**What is being asked:**
Return only these lines, exactly: the one containing "this 1280×960 image." and every line after it in the listing.

**Data records:**
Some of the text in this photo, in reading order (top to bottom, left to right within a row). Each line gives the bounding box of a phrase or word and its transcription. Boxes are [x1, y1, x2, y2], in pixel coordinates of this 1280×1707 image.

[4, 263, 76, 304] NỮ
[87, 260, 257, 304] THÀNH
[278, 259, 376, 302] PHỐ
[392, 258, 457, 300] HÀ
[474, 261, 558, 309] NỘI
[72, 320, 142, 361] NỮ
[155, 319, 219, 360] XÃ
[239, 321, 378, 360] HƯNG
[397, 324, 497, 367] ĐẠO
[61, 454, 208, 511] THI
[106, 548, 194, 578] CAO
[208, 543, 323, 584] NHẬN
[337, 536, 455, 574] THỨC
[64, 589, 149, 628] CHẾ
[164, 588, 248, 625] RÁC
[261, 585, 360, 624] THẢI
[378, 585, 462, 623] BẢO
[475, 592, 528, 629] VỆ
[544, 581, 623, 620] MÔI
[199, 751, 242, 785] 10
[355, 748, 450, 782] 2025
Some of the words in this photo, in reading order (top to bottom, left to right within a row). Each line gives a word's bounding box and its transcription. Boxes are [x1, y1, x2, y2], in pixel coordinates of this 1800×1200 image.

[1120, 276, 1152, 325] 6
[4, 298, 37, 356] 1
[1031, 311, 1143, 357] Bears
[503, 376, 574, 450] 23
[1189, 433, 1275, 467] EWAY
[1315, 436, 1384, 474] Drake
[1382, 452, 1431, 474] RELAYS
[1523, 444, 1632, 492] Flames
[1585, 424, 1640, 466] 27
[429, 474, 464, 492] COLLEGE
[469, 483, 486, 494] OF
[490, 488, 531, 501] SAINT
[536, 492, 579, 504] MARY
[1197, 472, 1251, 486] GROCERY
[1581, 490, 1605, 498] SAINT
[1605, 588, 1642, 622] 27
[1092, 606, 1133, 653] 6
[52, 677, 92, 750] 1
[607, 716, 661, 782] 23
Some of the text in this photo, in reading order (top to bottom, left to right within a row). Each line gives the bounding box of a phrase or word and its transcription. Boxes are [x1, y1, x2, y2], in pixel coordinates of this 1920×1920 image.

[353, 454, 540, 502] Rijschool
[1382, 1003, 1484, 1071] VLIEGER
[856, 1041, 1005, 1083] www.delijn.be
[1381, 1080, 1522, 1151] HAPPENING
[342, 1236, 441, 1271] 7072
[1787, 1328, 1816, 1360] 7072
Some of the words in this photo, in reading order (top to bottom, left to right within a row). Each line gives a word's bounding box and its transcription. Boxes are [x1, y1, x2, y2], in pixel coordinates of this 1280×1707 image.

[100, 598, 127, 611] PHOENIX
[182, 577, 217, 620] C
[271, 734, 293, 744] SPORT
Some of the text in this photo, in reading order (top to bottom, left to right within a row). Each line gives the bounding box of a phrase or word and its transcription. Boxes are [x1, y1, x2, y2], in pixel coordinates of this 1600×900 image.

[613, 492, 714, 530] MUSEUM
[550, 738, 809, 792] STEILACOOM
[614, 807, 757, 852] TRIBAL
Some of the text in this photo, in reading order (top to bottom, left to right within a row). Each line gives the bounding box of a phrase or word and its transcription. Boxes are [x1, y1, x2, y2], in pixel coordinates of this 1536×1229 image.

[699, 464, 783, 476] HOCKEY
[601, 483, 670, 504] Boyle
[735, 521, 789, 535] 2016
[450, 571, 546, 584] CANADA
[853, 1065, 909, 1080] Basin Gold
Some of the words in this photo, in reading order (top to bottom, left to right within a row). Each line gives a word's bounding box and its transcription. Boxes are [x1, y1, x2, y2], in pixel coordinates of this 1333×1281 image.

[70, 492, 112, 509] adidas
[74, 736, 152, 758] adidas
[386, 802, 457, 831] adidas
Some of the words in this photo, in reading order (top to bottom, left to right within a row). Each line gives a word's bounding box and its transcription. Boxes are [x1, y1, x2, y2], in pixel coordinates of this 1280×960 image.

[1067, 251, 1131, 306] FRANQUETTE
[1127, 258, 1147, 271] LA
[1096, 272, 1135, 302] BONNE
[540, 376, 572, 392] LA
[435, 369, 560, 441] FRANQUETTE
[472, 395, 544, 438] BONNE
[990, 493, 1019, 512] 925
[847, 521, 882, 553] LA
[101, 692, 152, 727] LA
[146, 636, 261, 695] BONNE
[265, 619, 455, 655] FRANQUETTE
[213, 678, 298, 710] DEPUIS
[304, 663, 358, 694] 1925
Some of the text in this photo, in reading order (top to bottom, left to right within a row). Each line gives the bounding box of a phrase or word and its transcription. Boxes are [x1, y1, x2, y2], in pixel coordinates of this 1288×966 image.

**Answer to the exercise:**
Some of the words in this photo, in reading order (top to bottom, left to right within a row). Each line gives a word's bounding box and its transcription. Boxes are [x1, y1, x2, y2], in pixel coordinates of this 1280×960 image.

[1067, 251, 1131, 306] FRANQUETTE
[1127, 258, 1147, 271] LA
[1096, 272, 1135, 302] BONNE
[540, 376, 572, 392] LA
[435, 369, 560, 441] FRANQUETTE
[472, 395, 544, 438] BONNE
[990, 493, 1019, 512] 925
[847, 521, 882, 553] LA
[101, 692, 152, 727] LA
[146, 636, 261, 695] BONNE
[265, 619, 455, 655] FRANQUETTE
[213, 678, 298, 710] DEPUIS
[304, 663, 358, 694] 1925
Some of the text in this photo, in reading order (top to bottom, left to right within a row). Each line gives the bounding box of a phrase or word and its transcription. Boxes are [x1, y1, x2, y2], in pixel coordinates of this 1288×966 image.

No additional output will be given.